§ **YOUR INSTRUCTIONS**
Pictures aside, return every line below exactly as written.

§ **STUDY MATERIAL**

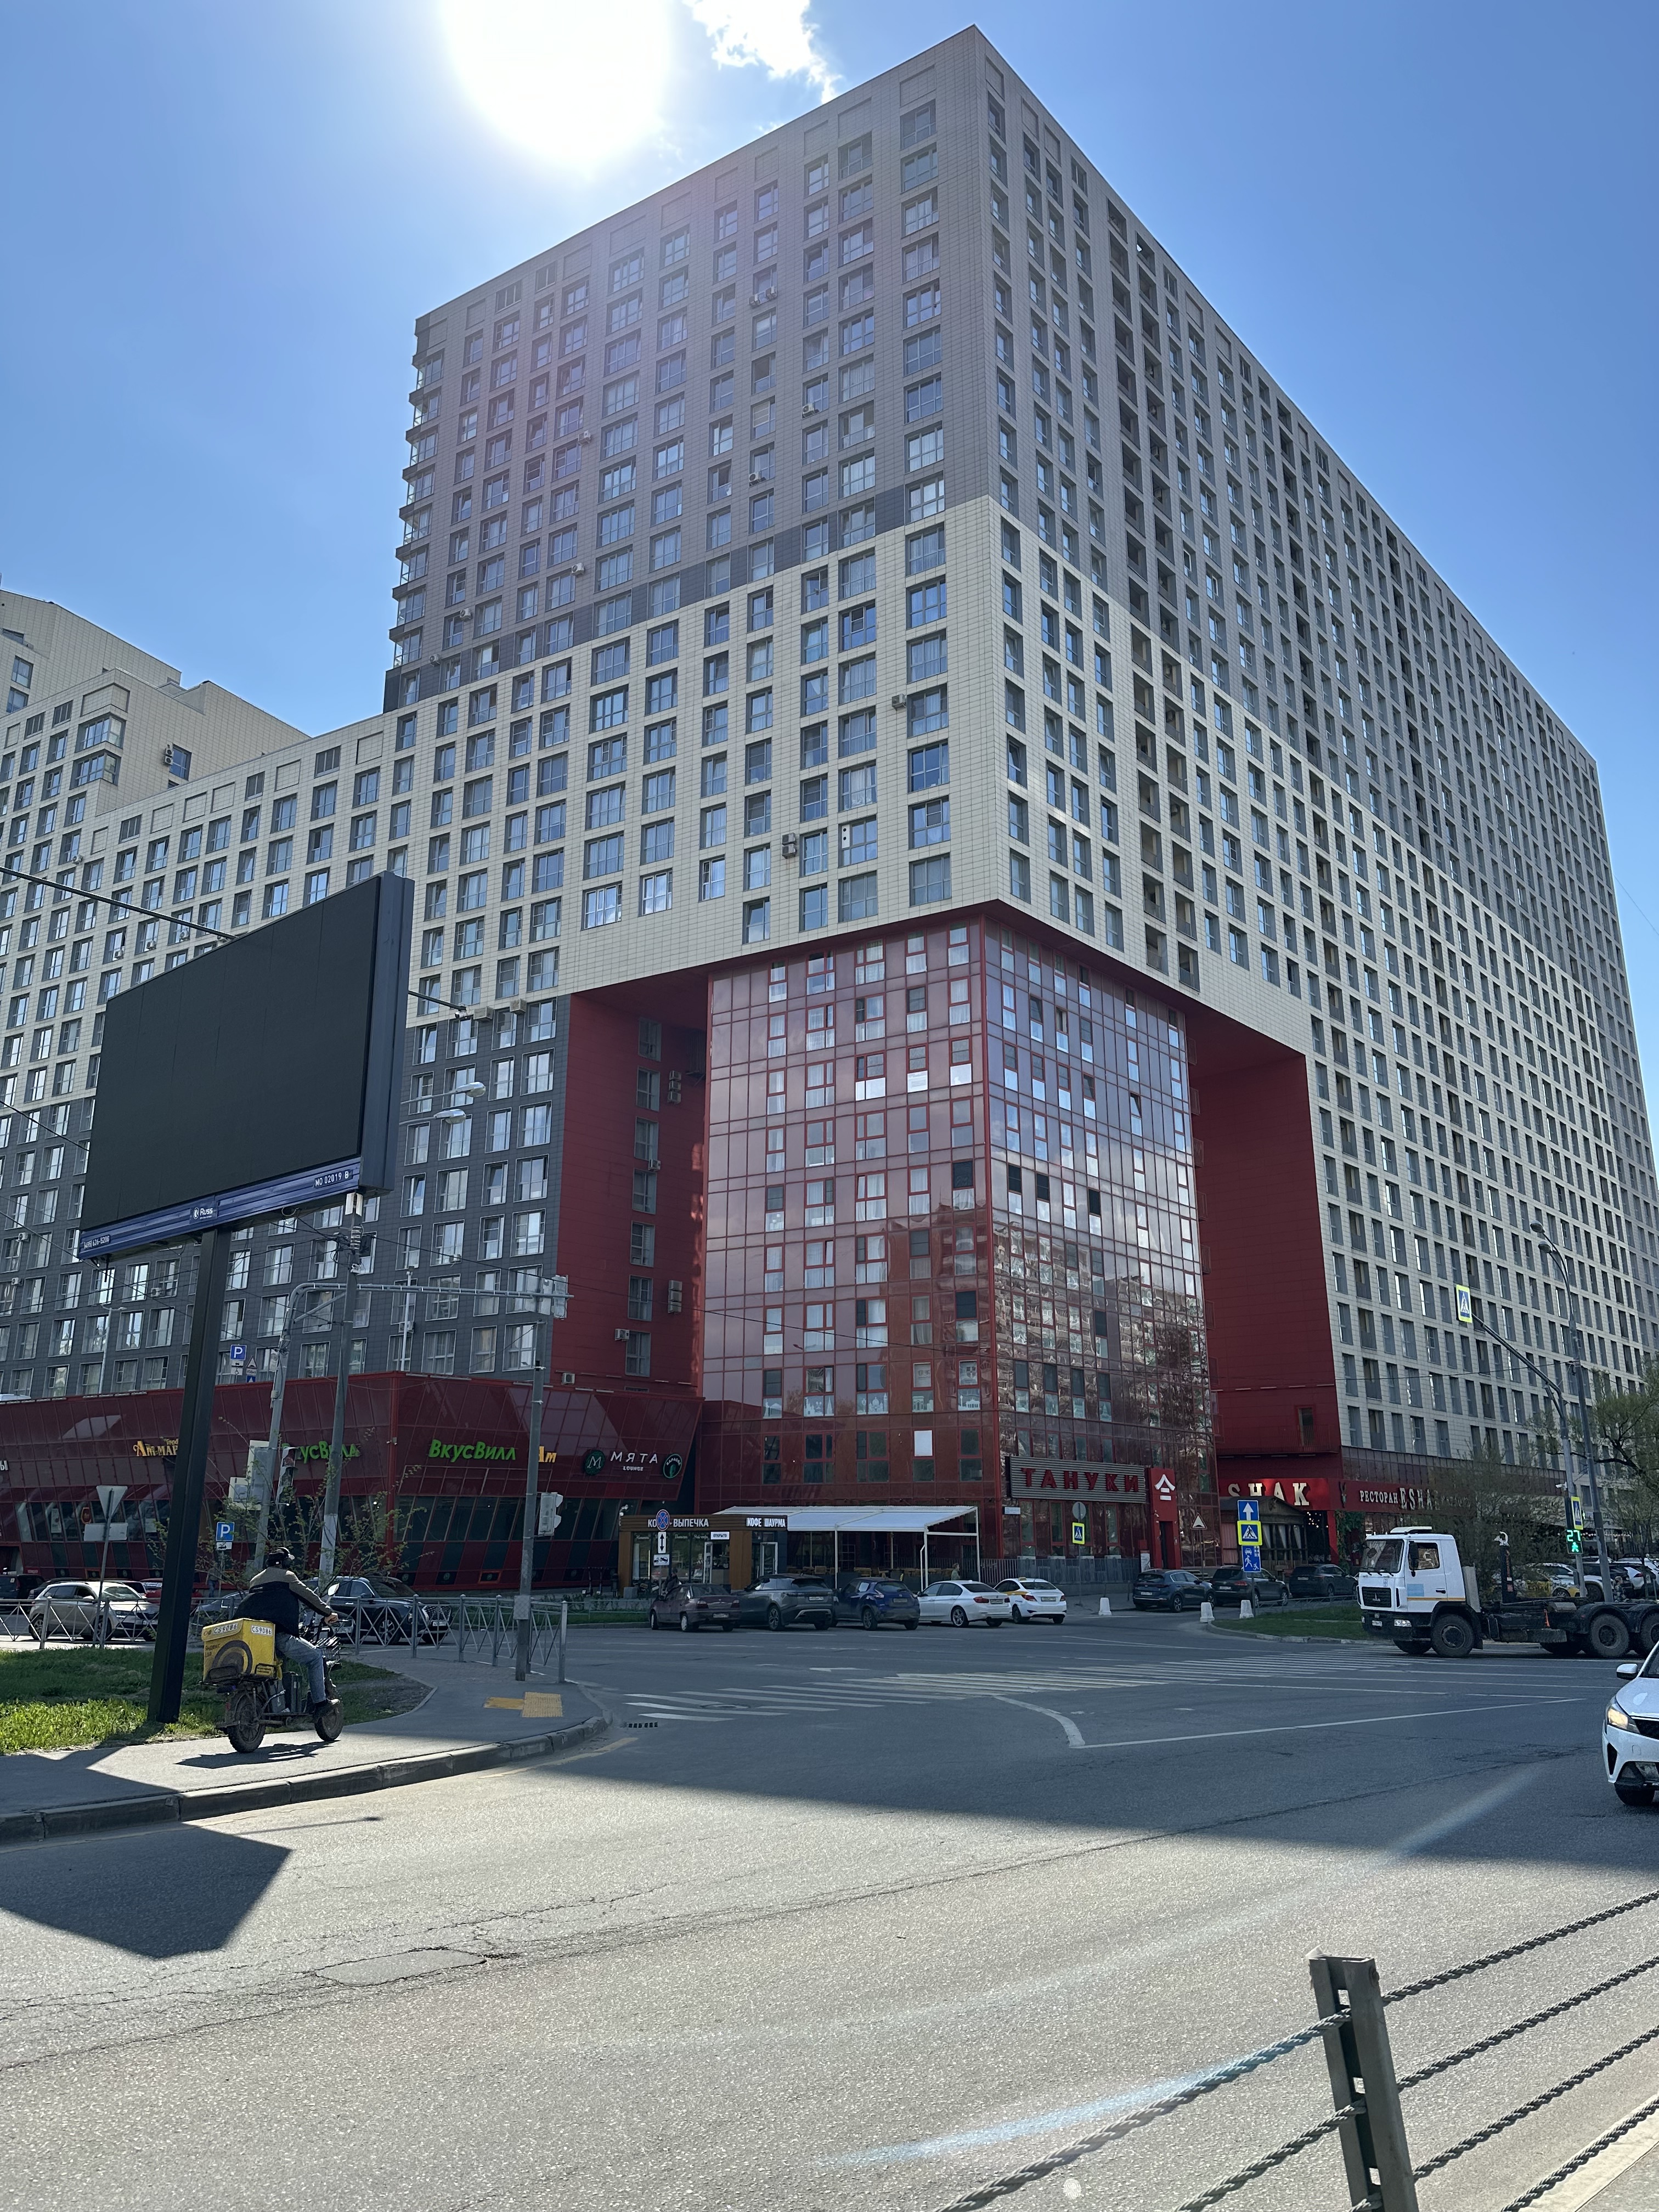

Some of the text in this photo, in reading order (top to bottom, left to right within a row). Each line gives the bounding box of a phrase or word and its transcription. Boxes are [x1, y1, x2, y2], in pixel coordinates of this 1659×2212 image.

[324, 1172, 342, 1183] 02019
[234, 1346, 243, 1358] P
[428, 1440, 516, 1463] ВкусВилл
[610, 1451, 658, 1464] МЯТА
[1020, 1467, 1139, 1492] ТАНУКИ
[1360, 1490, 1398, 1504] РЕСТОРАН
[673, 1519, 709, 1527] ВЫПЕЧКА
[747, 1517, 786, 1527] КОФЕ ШАУРМА
[221, 1524, 230, 1538] P
[1566, 1530, 1581, 1542] 27
[214, 1624, 237, 1634] CS9086
[252, 1626, 272, 1635] CS9086

§ **SOLUTION TO THE PROBLEM**
Some of the text in this photo, in reading order (top to bottom, left to right within a row). Each line gives the bounding box of a phrase or word and its transcription. Boxes are [x1, y1, x2, y2], in pixel coordinates of this 1659×2212 image.

[324, 1172, 342, 1183] 02019
[234, 1346, 243, 1358] P
[428, 1440, 516, 1463] ВкусВилл
[610, 1451, 658, 1464] МЯТА
[1020, 1467, 1139, 1492] ТАНУКИ
[1360, 1490, 1398, 1504] РЕСТОРАН
[673, 1519, 709, 1527] ВЫПЕЧКА
[747, 1517, 786, 1527] КОФЕ ШАУРМА
[221, 1524, 230, 1538] P
[1566, 1530, 1581, 1542] 27
[214, 1624, 237, 1634] CS9086
[252, 1626, 272, 1635] CS9086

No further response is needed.